If he does nothing, he is throwing away an opportunity to show that Russia is capable of providing appropriate justice – and, at the same time, that he is a strong, reforming leader.
Russia still has a very long way to go before it can claim to have fair and transparent European-style democracy. The treatment of Pussy Riot is just one of many examples of politically-motivated abuses of the criminal justice system which take place on a frequent basis.
I went to court for one of their hearings in July to offer to stand bail for the group, but unsurprisingly, the judge refused. I have been in Russian courtrooms many times for cases against those seen as dissenters, and in none of those cases have the dissenters ever won.
In reality, there is no independent judiciary in Russia: judges are appointed either directly by the president or on his recommendation by the upper chamber of parliament.

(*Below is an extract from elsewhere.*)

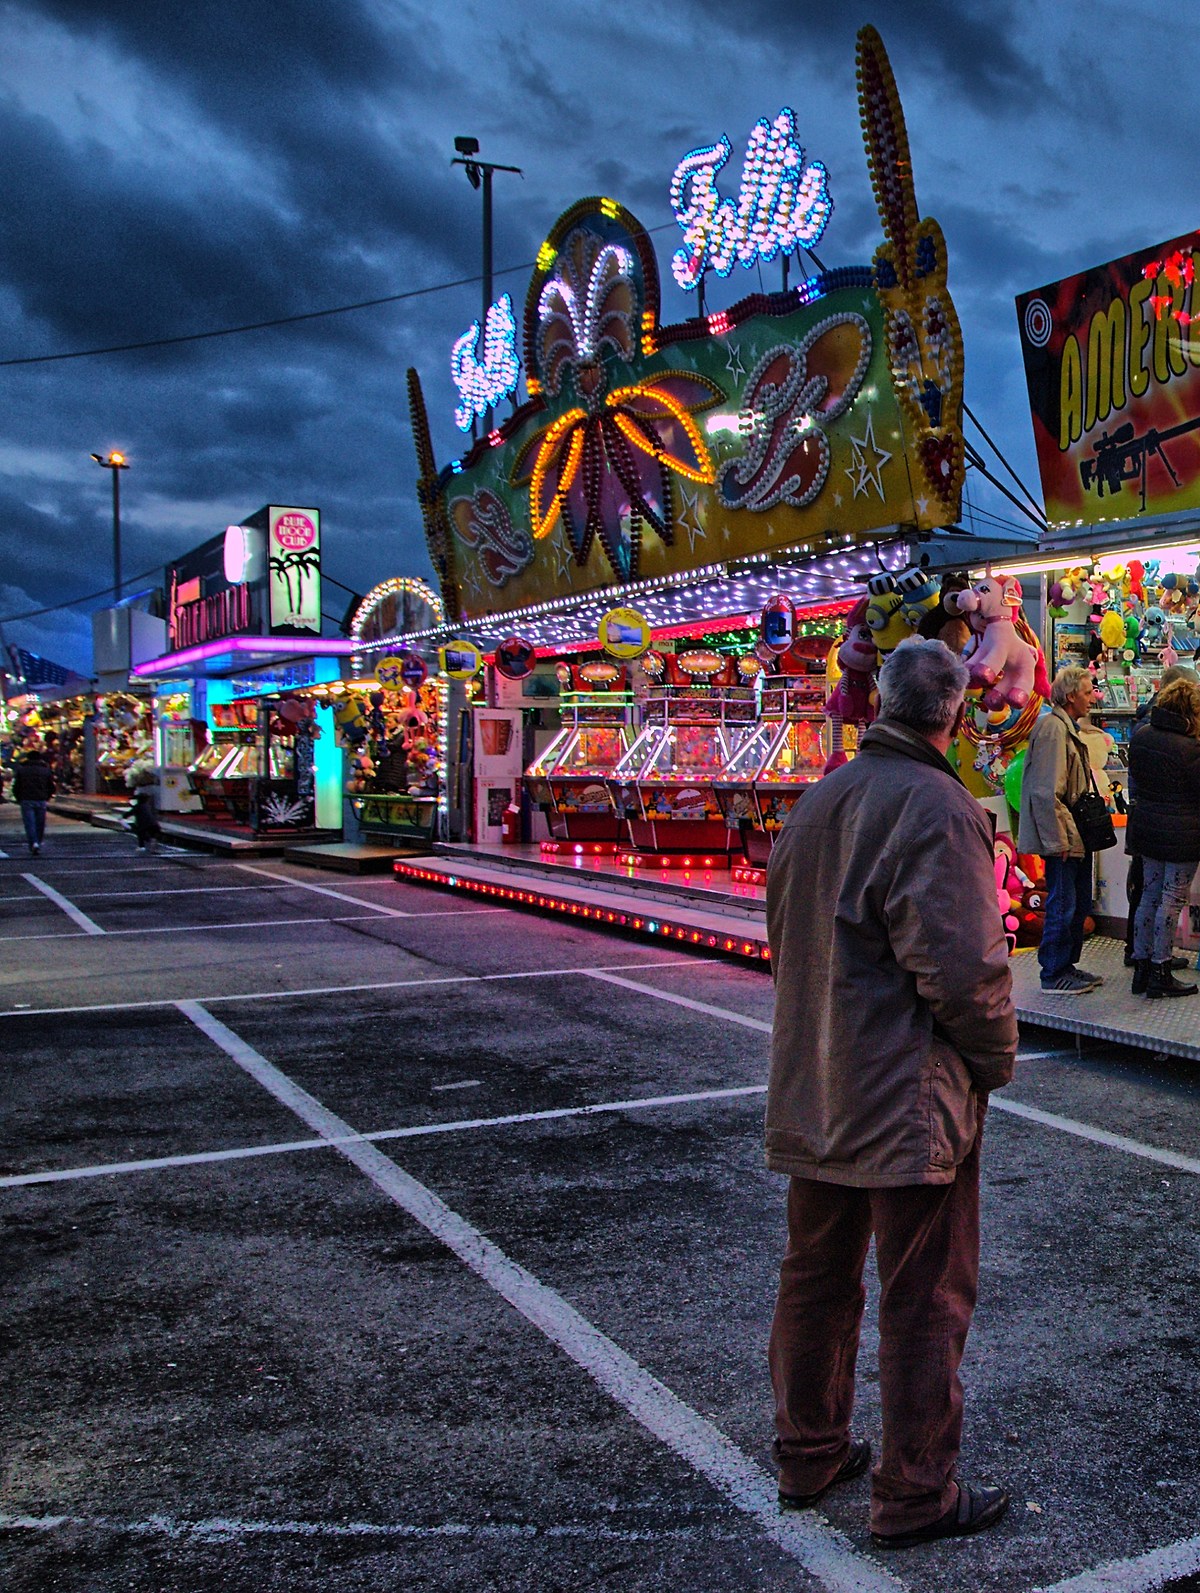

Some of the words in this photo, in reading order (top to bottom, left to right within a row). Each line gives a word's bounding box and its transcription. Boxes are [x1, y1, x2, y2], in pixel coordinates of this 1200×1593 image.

[283, 516, 305, 527] BLUE
[278, 525, 312, 537] MOON
[282, 536, 308, 547] CLUB

This means that those who, like me, are viewed as opposing the government, often find themselves enmeshed in ludicrous accusations.

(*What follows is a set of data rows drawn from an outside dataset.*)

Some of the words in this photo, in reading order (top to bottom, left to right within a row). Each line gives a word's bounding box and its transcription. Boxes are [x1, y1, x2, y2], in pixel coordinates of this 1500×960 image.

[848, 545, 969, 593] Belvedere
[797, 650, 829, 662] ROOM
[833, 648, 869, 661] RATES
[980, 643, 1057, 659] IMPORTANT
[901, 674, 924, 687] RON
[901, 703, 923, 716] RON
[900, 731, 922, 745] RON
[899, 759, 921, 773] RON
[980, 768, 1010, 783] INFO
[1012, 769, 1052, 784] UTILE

I have been the subject of several criminal investigations after allegations made against me, including one of money laundering and one of harassment.
I have no doubt these were a direct result of my part ownership of the leading opposition newspaper in Russia, Novaya Gazeta, which has published many stories about abuses of power within Putin’s government.

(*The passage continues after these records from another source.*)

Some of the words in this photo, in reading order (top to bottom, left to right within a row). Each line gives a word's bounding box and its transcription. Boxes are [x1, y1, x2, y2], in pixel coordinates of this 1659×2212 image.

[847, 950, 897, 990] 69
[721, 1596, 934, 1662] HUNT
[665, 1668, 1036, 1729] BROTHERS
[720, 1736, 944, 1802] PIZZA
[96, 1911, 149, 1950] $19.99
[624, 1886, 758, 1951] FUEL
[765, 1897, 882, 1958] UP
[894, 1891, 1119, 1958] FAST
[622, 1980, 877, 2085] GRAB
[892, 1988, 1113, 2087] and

Last October, like Pussy Riot, I was accused of ‘hooliganism’ when prosecutors decided to open a criminal case after a row on a TV chat show with Sergei Polonsky, a fellow businessman, in which he was hit in the face.
Despite an investigation which has lasted ten months, I have not yet been officially charged. As a tactic to discredit me, it is typical of the regime.
Sweeping reforms must be made to the justice system – and pardoning Pussy Riot would send a strong signal to the world that Putin is willing to make them.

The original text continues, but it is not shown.